• **Aim of the exercise**:
Among the lines below, count those with the word "BAHAMA". Answer with the number only.

• **Exercise data**:

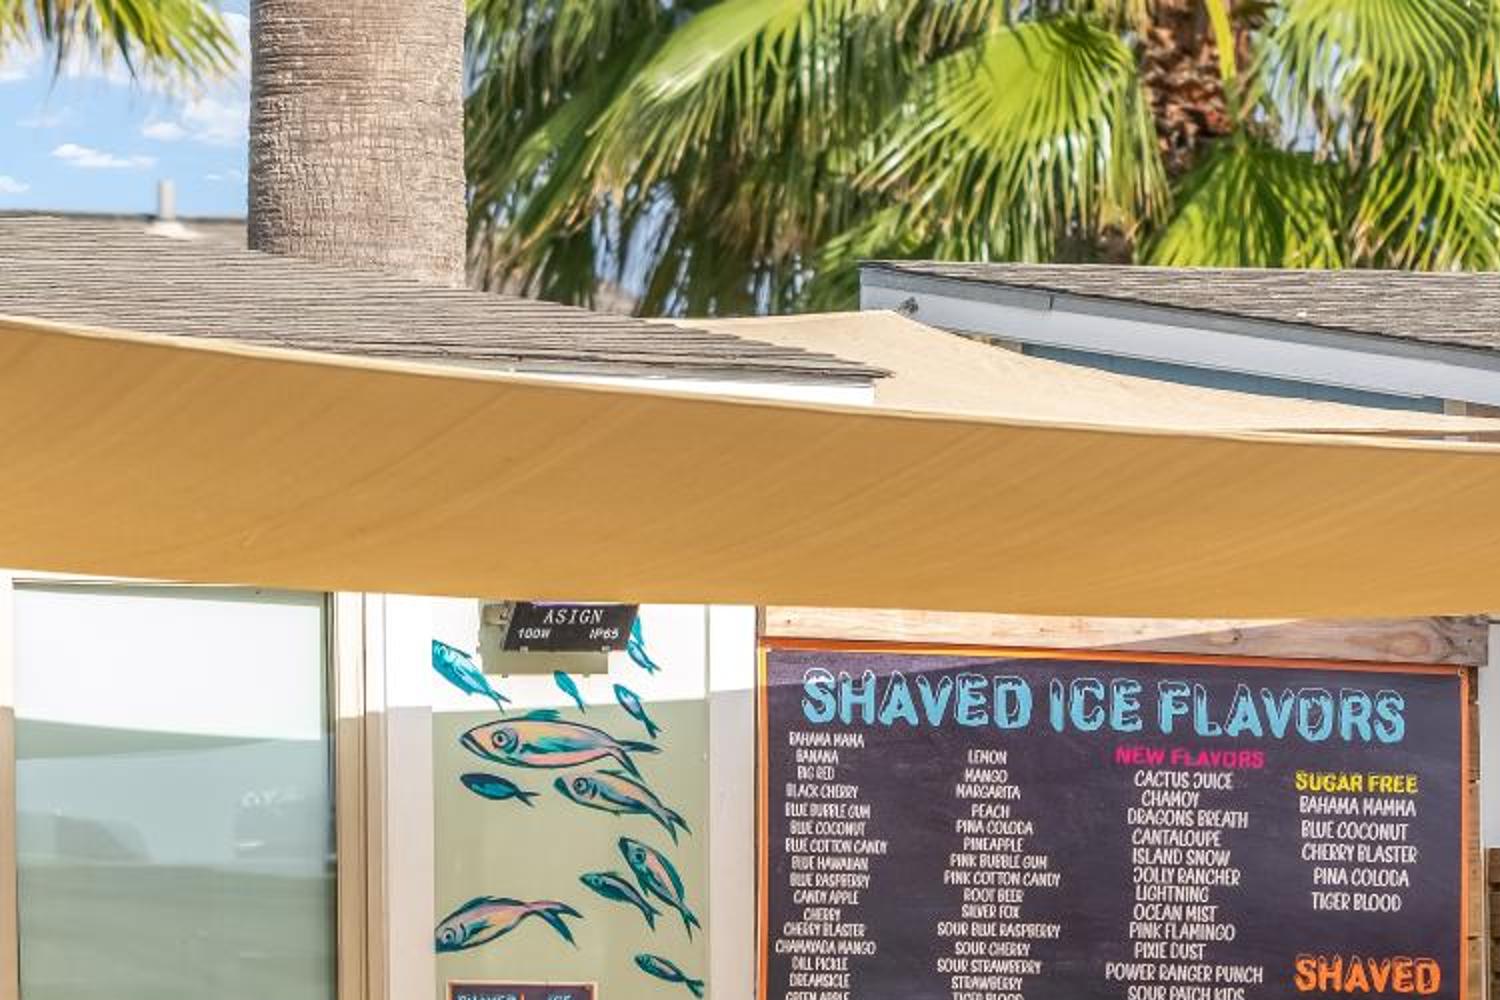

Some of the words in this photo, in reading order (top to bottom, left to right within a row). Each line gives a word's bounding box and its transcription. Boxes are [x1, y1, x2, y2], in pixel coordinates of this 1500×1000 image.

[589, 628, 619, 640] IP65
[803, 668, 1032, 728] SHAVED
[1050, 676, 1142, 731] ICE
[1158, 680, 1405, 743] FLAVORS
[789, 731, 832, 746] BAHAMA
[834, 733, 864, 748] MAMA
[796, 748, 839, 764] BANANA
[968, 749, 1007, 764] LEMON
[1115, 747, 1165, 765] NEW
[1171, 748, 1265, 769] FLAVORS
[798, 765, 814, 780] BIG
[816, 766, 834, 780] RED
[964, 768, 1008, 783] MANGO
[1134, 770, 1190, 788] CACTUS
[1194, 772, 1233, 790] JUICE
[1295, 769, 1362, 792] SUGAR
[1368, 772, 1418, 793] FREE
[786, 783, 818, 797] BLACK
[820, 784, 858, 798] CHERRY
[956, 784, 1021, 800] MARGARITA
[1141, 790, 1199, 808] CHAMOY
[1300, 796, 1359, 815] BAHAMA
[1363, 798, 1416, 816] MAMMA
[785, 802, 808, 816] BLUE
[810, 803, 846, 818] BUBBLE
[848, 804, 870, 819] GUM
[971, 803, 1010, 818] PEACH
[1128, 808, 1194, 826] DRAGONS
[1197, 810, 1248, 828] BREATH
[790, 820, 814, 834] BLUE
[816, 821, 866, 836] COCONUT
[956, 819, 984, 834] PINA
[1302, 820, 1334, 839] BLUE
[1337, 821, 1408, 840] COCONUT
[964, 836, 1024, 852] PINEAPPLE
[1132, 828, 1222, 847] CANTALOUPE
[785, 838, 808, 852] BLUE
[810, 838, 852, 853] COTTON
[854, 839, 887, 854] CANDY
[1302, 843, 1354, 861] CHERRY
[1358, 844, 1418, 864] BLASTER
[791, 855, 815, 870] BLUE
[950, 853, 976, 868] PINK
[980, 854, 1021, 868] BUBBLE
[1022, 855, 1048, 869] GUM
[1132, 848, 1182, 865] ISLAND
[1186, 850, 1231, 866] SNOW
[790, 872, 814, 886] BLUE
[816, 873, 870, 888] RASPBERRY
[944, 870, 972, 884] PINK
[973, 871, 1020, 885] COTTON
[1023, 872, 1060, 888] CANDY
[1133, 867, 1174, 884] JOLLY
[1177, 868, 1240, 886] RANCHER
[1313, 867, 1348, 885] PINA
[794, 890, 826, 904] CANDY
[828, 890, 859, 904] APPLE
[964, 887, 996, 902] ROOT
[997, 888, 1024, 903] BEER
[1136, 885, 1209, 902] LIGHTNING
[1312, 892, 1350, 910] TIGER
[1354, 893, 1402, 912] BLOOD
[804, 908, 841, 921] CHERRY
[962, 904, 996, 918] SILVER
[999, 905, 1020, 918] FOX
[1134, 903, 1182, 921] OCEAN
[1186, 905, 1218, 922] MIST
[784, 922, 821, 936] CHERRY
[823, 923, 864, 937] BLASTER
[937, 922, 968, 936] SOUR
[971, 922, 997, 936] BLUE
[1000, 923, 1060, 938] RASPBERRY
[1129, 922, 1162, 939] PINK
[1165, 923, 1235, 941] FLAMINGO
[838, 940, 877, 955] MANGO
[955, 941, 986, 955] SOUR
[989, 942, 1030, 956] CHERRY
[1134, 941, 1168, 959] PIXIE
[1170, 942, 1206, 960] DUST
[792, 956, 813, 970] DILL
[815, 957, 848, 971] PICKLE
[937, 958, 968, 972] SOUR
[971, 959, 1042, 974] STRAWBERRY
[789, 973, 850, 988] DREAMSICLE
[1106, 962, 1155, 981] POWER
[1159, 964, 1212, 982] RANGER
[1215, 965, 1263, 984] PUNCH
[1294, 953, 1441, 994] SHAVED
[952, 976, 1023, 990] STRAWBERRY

• **Exercise solution**:
2